CZIKOWSKY: George Mitchell, to me, is one of the great political heroes who was an excellent Governor, Senator, and negotiator for our country. I am not surprised to learn he is now part of the Disney leadership. What strengths does he bring to his new position, and what are the greatest challenges he is likely to face? MASTERS: Given the record to which you allude, the great challenge Mitchell faces is credibility. It may not seem fair to those who respect his political record but in the context of Disney, that will not be the issue. (Maybe Ireland seemed simple compared with this.) He has no strong operational executive background that I’m aware of and given Eisner’s long history of running things on his own, few expect Mitchell to have a big impact.
CZIKOWSKY: Do George Mitchell and Michael Eisner get along? Is there going to be a major clash between the two and, if so, what does that mean for the company? If they get along, will that anger the stockholders who want to see that Eisner is totally removed?
MASTERS: Obviously George Mitchell and Eisner have been allies. Eisner wanted to hire him as a number two man in the past. Mitchell has been a board member, then presiding director, and now chairman. Most of Eisner’s long term business relationships do seem to end in bitter clashes (e.g. Katzenberg, Ovitz) but so far, he and Mitchell seem to be united. I have to assume that Mitchell might be telling him privately that the company needs to work out a graceful exist strategy for him. Eisner might perceive that as a betrayal.
CZIKOWSKY: In my observation of corporate culture as a client of Disney and Comcast, I may find the smiles and attempt to help at Disney fake, but at least they are smiling and someone always is attempting, perhaps begrudgingly, to help. At Comcast, I have observed a corporate culture of not caring for clients. Employees aren’t smiling; they seem bothered you are there. They can never help you, and they have no idea who to connect you with that can solve your problem, and you are presented a long maze of people who can’t help you until you ultimately reach a recorded message of a person who never returns your call. Further, I have learned from people in electronics stores they have a series of ways to dissuade disgruntled customers seeking to end service that they instead need non-existent electronic equipment that customers are told will solve their problem in hopes they will give up and retain, or at least extend while hunting for this equipment, their Comcast service. To me, Comcast is a huge, non-caring entity that has practices that shows they don’t care about customers, and that they would rather cheat their customers than build good will. In sum, do you believe Disney would lose its corporate culture if it were gobbled up by an even more giant and more alienated corporation?
MASTERS: Maybe Disney shareholders have expressed a similar concern. Nothing could be more foolish for any owner or executive than degrading the Disney brand, but greed makes many people foolish.

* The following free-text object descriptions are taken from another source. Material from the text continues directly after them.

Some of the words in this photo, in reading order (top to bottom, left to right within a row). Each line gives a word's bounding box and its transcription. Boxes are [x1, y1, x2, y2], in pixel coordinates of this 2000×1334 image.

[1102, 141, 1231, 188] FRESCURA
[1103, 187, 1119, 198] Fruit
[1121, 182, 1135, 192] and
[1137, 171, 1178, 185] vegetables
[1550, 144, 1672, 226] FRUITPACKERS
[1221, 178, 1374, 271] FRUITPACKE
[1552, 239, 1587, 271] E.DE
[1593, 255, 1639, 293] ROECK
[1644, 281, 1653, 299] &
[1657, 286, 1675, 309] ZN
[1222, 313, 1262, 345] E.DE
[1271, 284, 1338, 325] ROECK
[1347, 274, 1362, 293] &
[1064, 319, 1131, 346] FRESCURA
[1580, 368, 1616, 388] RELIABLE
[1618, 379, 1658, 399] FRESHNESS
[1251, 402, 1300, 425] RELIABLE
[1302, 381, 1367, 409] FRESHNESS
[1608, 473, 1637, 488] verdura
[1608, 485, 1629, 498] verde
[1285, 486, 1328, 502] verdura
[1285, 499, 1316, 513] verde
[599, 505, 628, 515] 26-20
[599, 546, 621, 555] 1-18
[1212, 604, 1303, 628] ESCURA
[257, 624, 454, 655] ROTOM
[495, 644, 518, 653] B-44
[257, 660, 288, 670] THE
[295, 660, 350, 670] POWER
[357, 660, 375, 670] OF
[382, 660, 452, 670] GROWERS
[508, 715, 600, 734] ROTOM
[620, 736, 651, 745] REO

JODIE ALLEN, US News & World Report Managing Editor, March 8, 2004
CZIKOWSKY: We in Pennsylvania are being told not to worry about job losses that are being outsourced to other countries because the total number of American jobs eventually will increase. As I told a reporter once, I will suggest you do the same: take a survey of 10 people at U.S. News and ask them whether they all would be willing to lose their jobs if they knew that 15 new jobs would emerge elsewhere in the country? My question: why isn’t more done on economic conversion policies to help with the specific jobs that are lost?
ALLEN: I think we both know what the answer to your survey would be—altruism is no more alive at US News than anywhere else; like everyone else we have families to feed. For decades there have been lots of “trade adjustment assistance programs” that try to retrain and relocate displaced workers and their record is poor. The problem, I think, is that the only kind of training with a solid payoff record in on-the-job training and that means the initiative has to come from companies creating jobs, and that’s very hard for government to simulate.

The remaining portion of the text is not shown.